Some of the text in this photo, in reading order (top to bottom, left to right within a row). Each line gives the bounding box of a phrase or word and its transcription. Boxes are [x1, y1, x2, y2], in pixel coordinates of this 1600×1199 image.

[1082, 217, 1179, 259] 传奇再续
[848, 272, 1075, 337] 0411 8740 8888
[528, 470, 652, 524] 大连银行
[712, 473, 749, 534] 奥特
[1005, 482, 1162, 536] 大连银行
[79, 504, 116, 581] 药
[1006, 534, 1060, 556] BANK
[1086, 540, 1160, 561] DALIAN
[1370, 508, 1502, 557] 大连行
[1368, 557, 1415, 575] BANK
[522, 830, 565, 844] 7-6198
==*==
__Task statement__:
Reproduce the listing in full, exactly, so that no line is missing.

__Response to the exercise__:
Some of the text in this photo, in reading order (top to bottom, left to right within a row). Each line gives the bounding box of a phrase or word and its transcription. Boxes are [x1, y1, x2, y2], in pixel coordinates of this 1600×1199 image.

[1082, 217, 1179, 259] 传奇再续
[848, 272, 1075, 337] 0411 8740 8888
[528, 470, 652, 524] 大连银行
[712, 473, 749, 534] 奥特
[1005, 482, 1162, 536] 大连银行
[79, 504, 116, 581] 药
[1006, 534, 1060, 556] BANK
[1086, 540, 1160, 561] DALIAN
[1370, 508, 1502, 557] 大连行
[1368, 557, 1415, 575] BANK
[522, 830, 565, 844] 7-6198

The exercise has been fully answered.